Small Towns, Big Pictures (Part 2)
The next theatre in the series Small Towns, Big Pictures is truly a beautiful centrepiece in Moose Jaw, a small city in south central Saskatchewan. The Capitol is a crowning achievement in architecture. Designed by James McTeague in 1913 as the Monarch Theatre, the project faced financial complications during the first World War and the project was never completed. The Allen Theatre chain took over in 1916 and altered McTeague’s original design. The Grand Opening was on August 19, 1916 and was the largest theatre in Saskatchewan. The 910-seat theatre operated under the Allen Theatre chain until 1922 when it changed its name to the Capitol.
Opening Night, August 19, 1916
In 1929 the Capitol was renovated for sound and became Canada’s 21st theatre in the Famous Players Chain to receive Movietone and Vitaphone equipment. In 1983 it was subdivided into a 652-seat triplex and continued to operate under the Famous Players chain until its closure in August 16, 2001. The cinema is now a performing arts centre.

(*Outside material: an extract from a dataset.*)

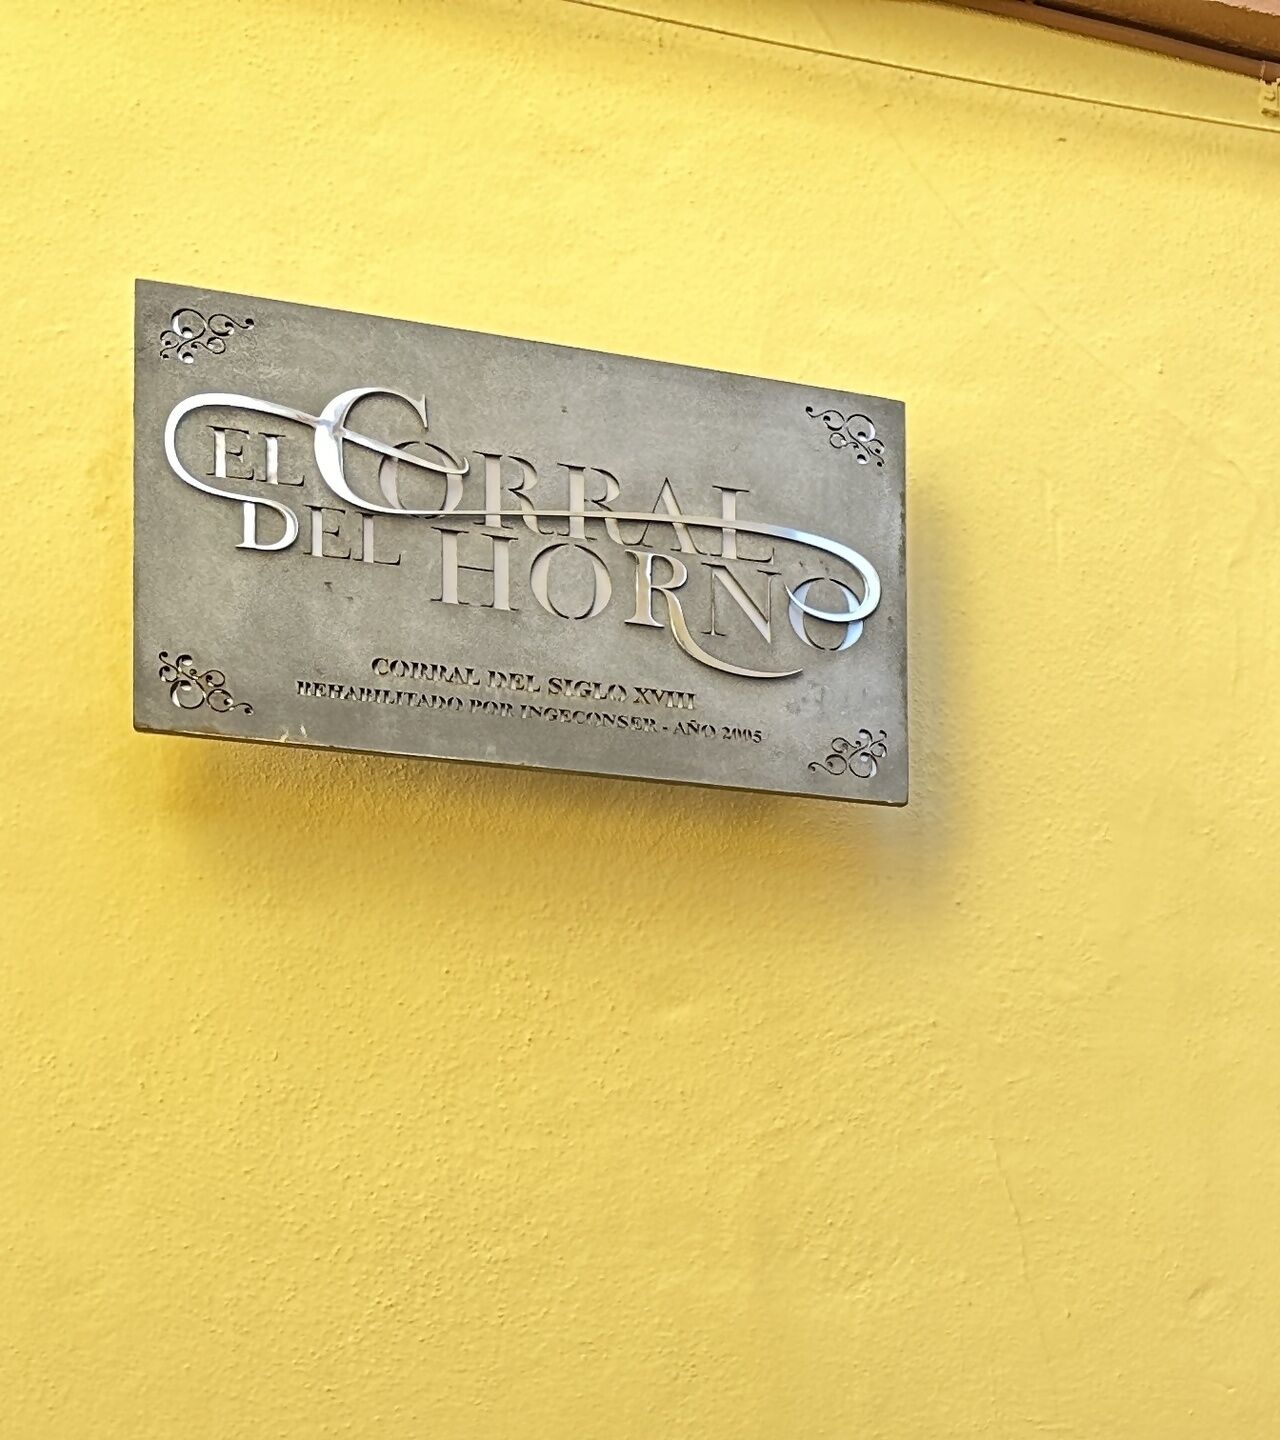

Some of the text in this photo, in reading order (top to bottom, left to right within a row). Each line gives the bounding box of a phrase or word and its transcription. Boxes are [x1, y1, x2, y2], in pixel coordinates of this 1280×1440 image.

Despite the numerous renovations and operators over the years, there was always careful consideration to protect the original interior and exterior features . The Main Street facade still retains the decorative design of the Claybank brick and inside there is an ornate plaster ceiling, quasi-classical cherubs moldings, mirrored pillars and tile floors in the lobby with marble entrance stairs and panels along the stairwells to the balcony. A must see if you happen to be traveling through Moose Jaw.